NCPA - National Center for Policy Analysis

Federal Government Spending Out of Control

February 20, 2004

Spending by the federal government has undergone a colossal expansion over the past few years. Though spending growth has slowed marginally this year -- 7.3 percent in 2003 as compared to 7.9 percent in 2002 -- the average two-year growth rate of 7.6 percent is more than double the annual average growth from 1993 to 2001, according to the Heritage Foundation.

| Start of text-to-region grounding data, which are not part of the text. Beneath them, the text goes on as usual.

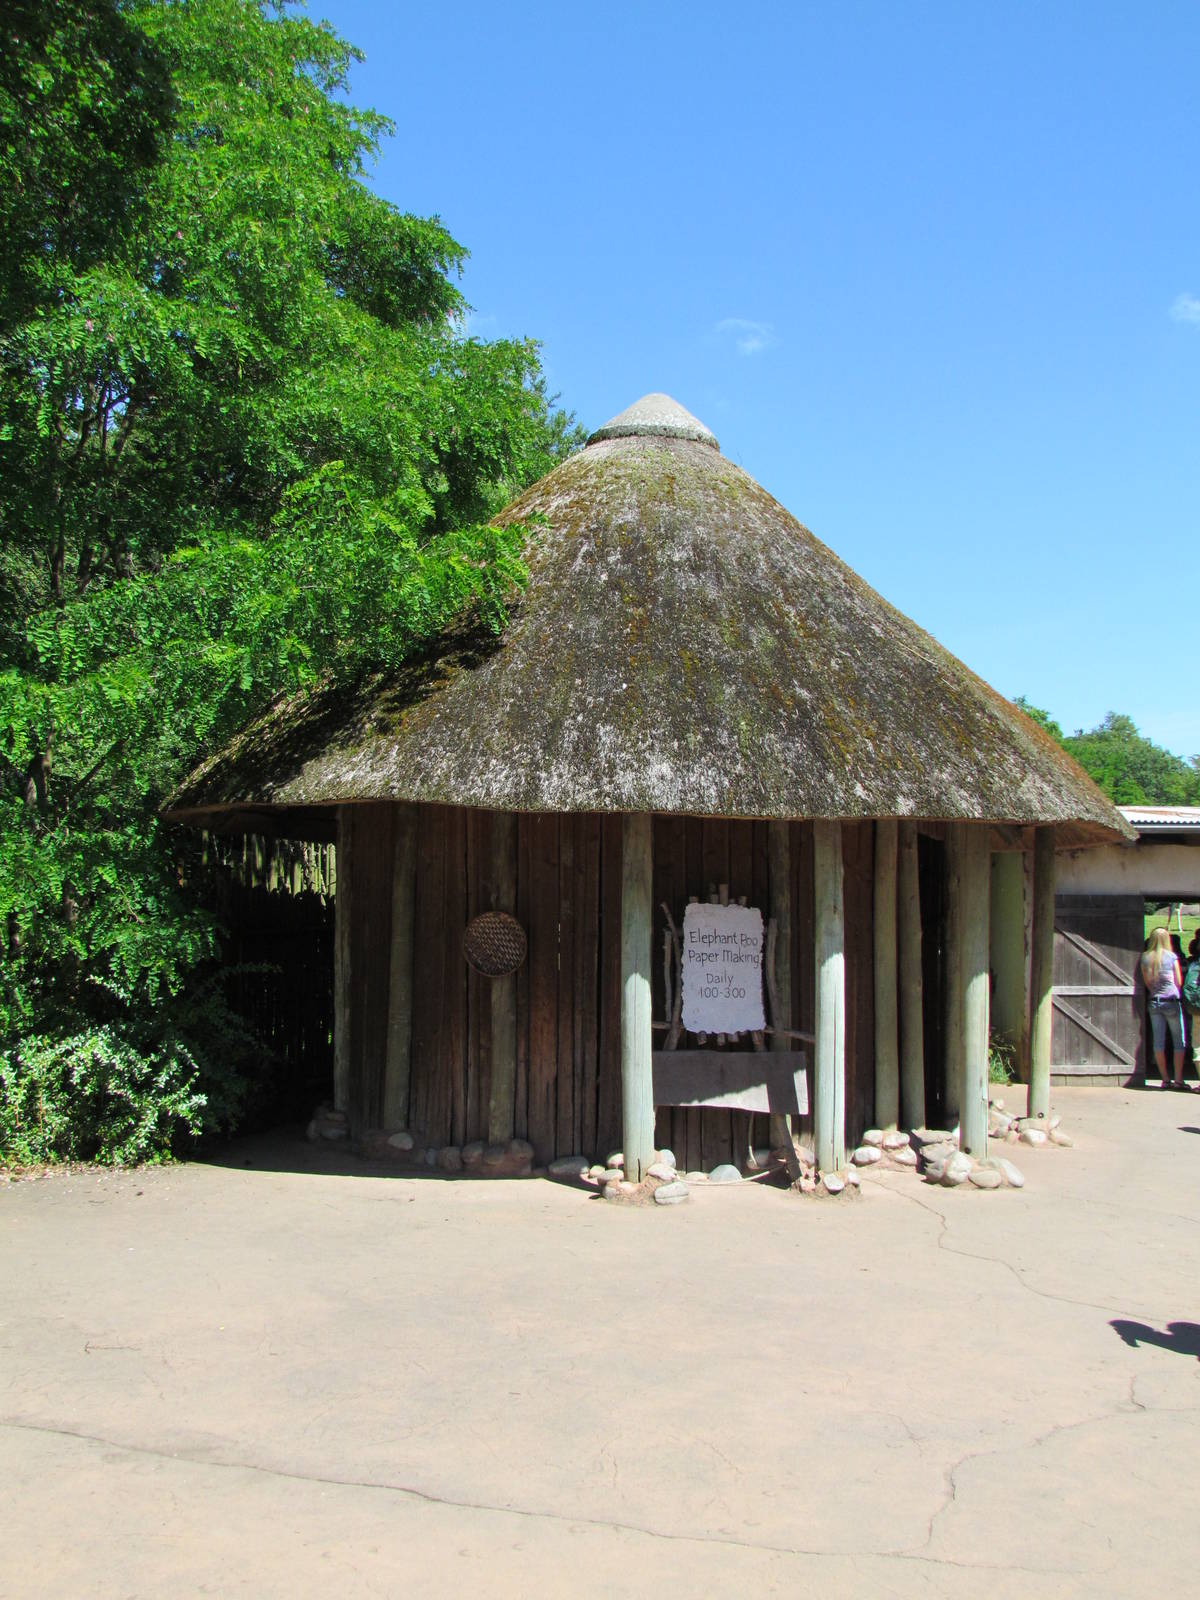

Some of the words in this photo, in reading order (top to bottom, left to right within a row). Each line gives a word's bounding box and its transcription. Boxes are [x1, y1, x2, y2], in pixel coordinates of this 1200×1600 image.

[689, 928, 738, 947] Elephant
[740, 933, 758, 946] Poo
[688, 949, 719, 967] Paper
[722, 947, 760, 969] Making
[706, 969, 734, 987] Daily

Heritage emphasizes that, while defense and other 9/11-related costs are a convenient scapegoat, they do not sufficiently explain why government is spending so rapidly. Although the federal budget expanded by $296 billion in 2003, defense accounted for $100 billion (34 percent) and various homeland security expenses amounted to only $32 billion (11 percent) -- for a total of 45 percent of new spending.

Therefore, the remaining 55 percent has gone towards other government programs. The report outlines some of the major program recipients of this newfound federal generosity:

  • Triggered by a slow economy, unemployment compensation jumped 132 percent to $56 billion.
  • Education spending, largely through the No Child Left Behind Act, increased by 78 percent to $58 billion.
  • Spending on health programs other than Medicare or Medicaid grew by 81 percent, reaching $60 billion.

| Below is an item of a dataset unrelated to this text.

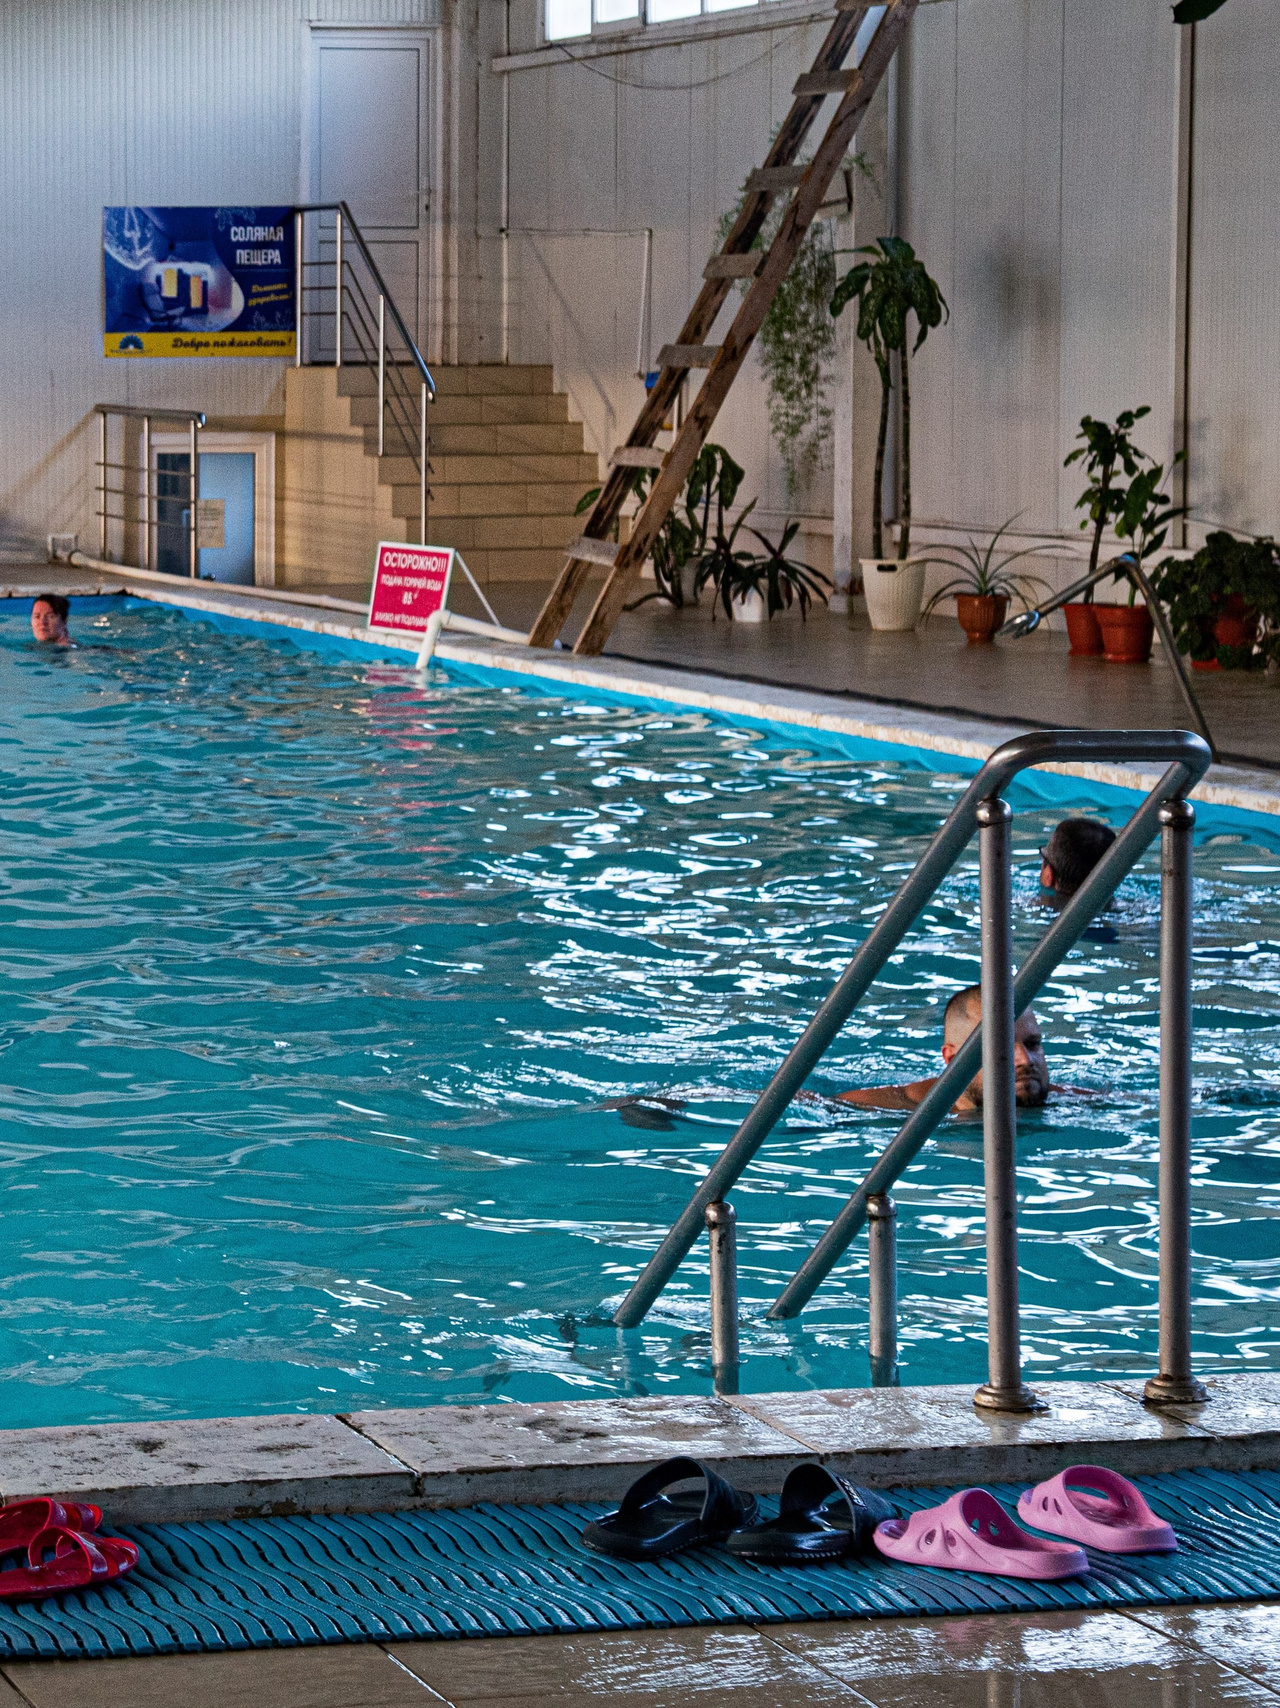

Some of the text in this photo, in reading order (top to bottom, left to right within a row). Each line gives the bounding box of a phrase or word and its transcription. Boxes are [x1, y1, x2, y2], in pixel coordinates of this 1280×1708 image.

[230, 226, 284, 241] СОЛЯНАЯ
[236, 249, 281, 266] ПЕЩЕРА
[172, 336, 293, 352] Добро пожаловать!
[383, 551, 447, 573] ОСТОРОЖНО!!!

Moreover, though the country faces enormous unfunded liabilities in the form of Social Security and Medicare expenses, both programs have expanded, growing by 13 and 16 percent, respectively.

All told, the federal government is spending $20,300 per household while receiving about $16,780 per household in federal taxes. This is the highest level of per household spending since the Second World War. The Heritage Foundation points out that coupling tax relief with rapid spending growth in simply unsustainable -- at some point these deficits will need to be paid off.